Text only, exactly as given: reproduce the entries below without their pictures.

(TASK INPUT begins)

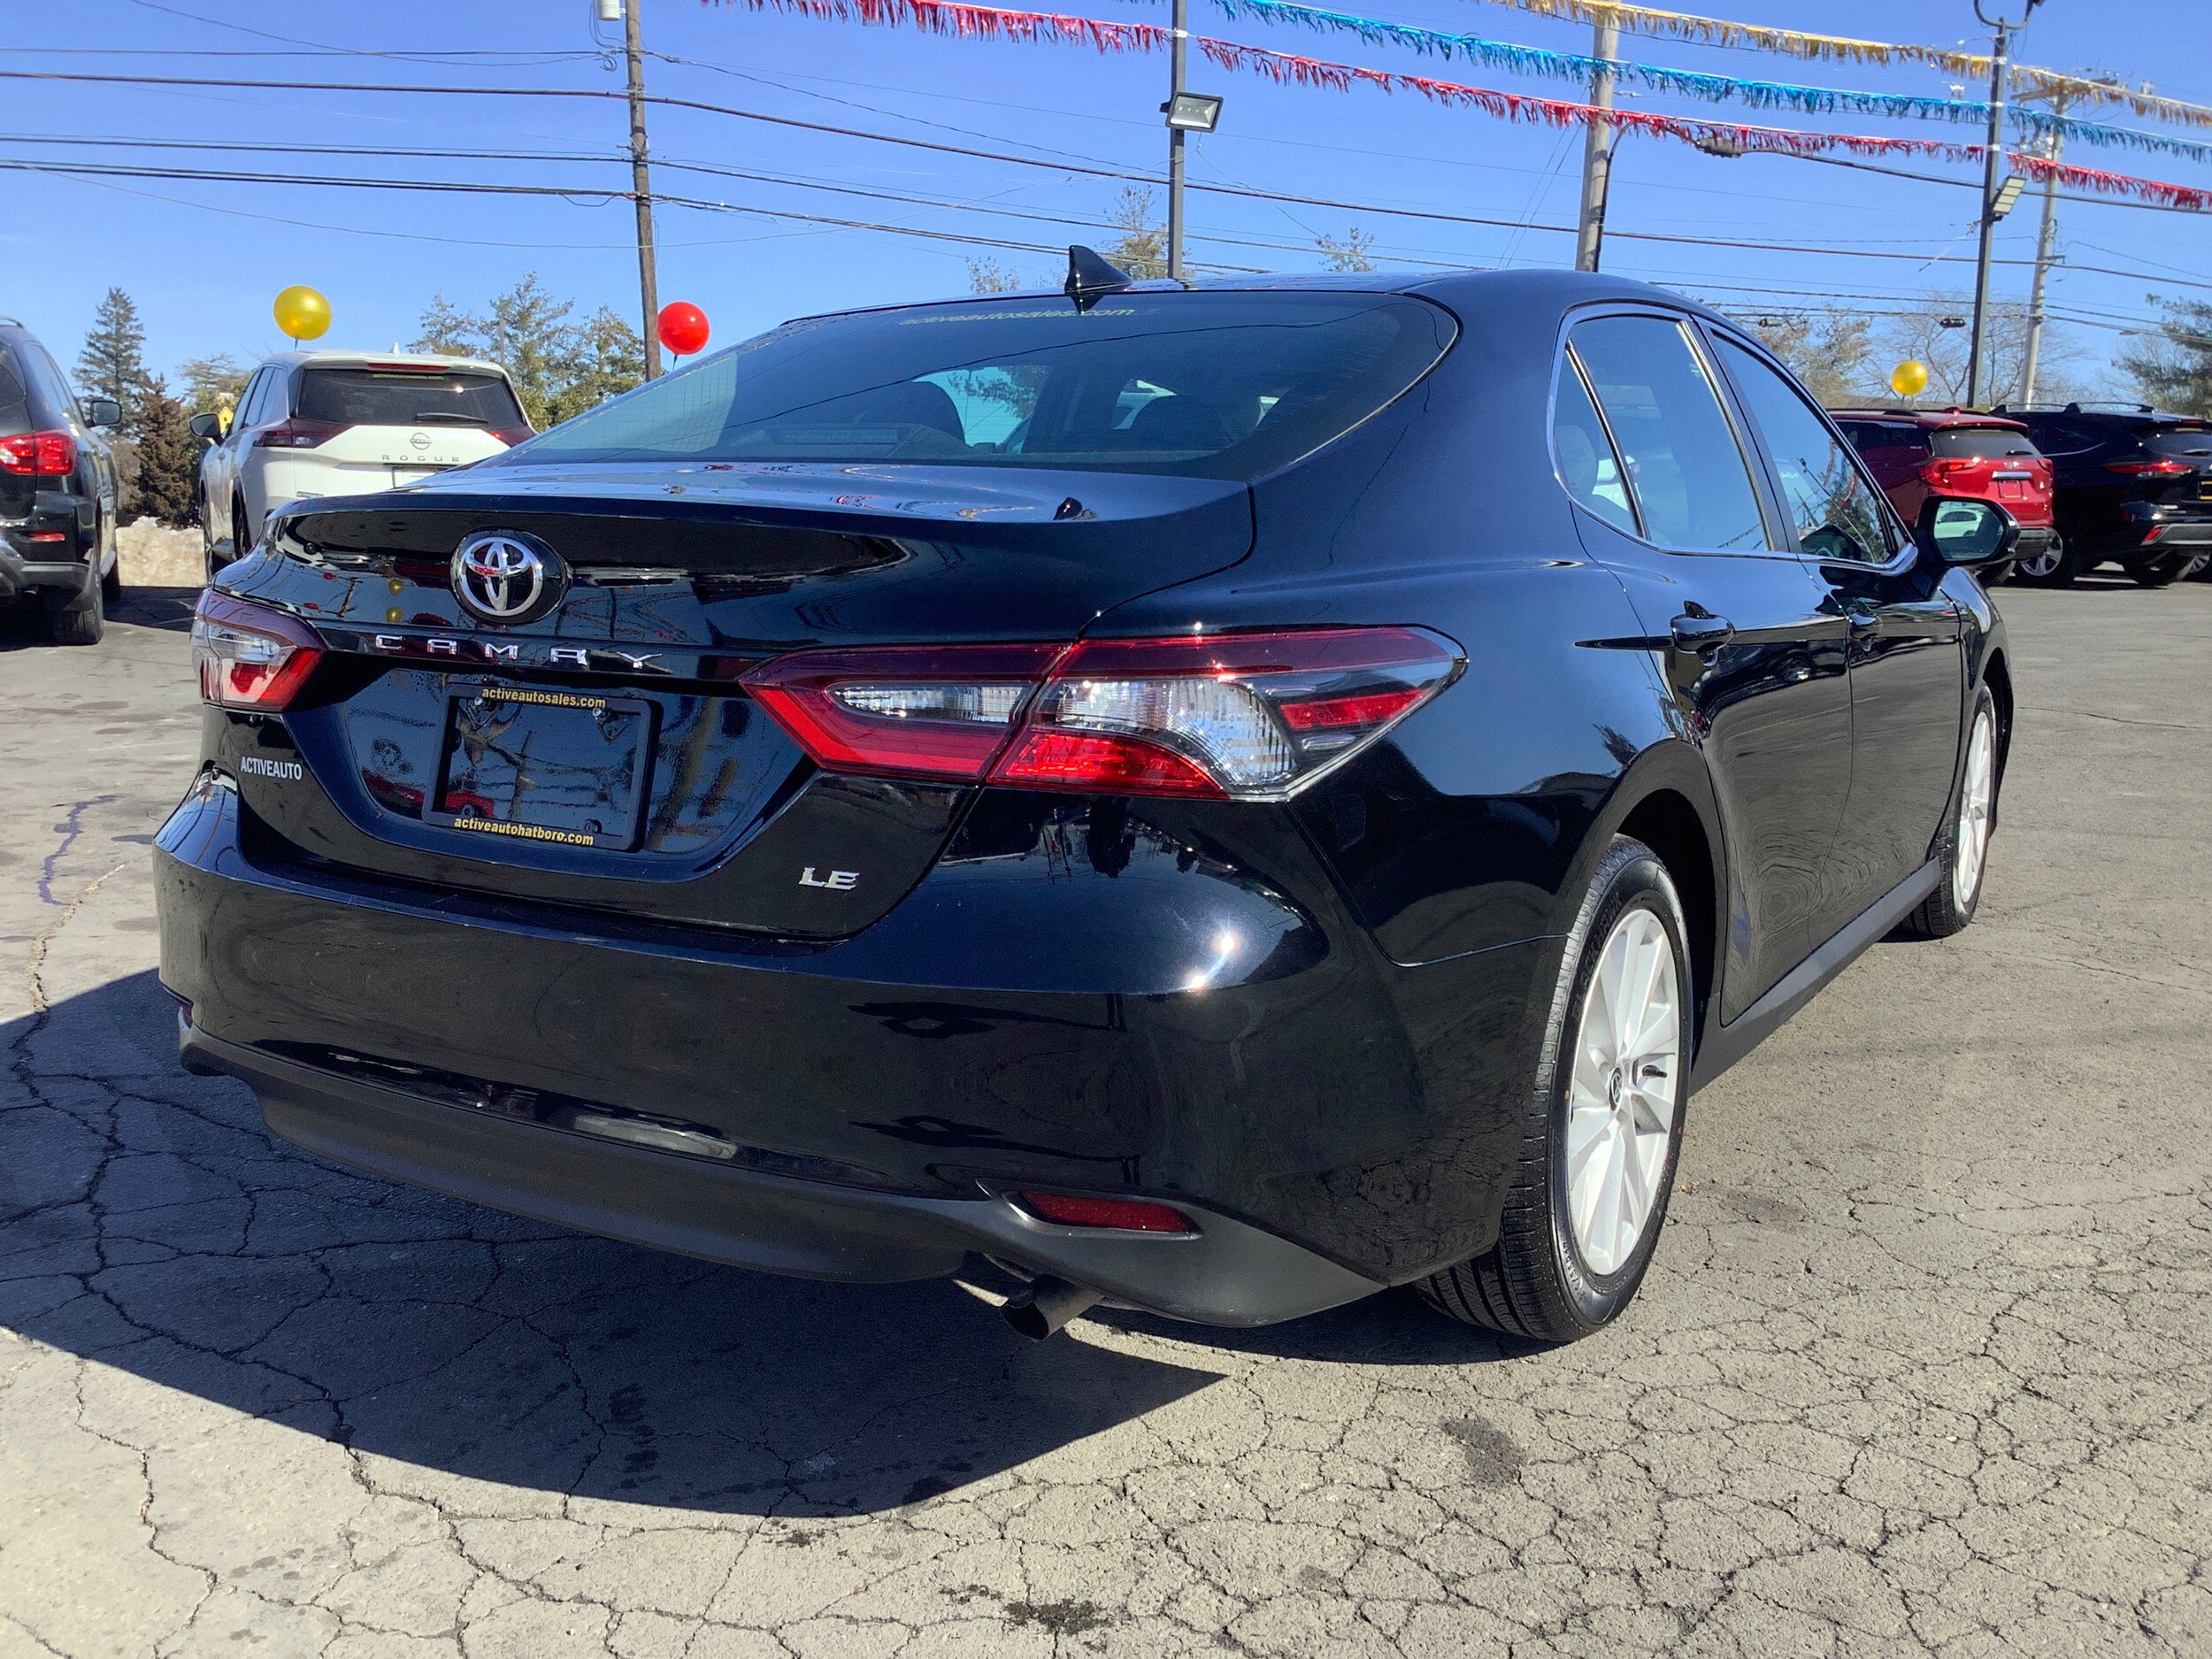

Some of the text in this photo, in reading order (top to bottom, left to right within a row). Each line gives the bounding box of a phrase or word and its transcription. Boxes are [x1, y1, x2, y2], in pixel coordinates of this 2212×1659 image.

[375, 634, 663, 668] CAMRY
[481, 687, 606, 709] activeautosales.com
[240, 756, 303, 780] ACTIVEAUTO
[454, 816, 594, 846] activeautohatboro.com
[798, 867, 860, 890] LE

(TASK INPUT ends)

__PROBLEM SOLUTION__
Some of the text in this photo, in reading order (top to bottom, left to right within a row). Each line gives the bounding box of a phrase or word and its transcription. Boxes are [x1, y1, x2, y2], in pixel coordinates of this 2212×1659 image.

[375, 634, 663, 668] CAMRY
[481, 687, 606, 709] activeautosales.com
[240, 756, 303, 780] ACTIVEAUTO
[454, 816, 594, 846] activeautohatboro.com
[798, 867, 860, 890] LE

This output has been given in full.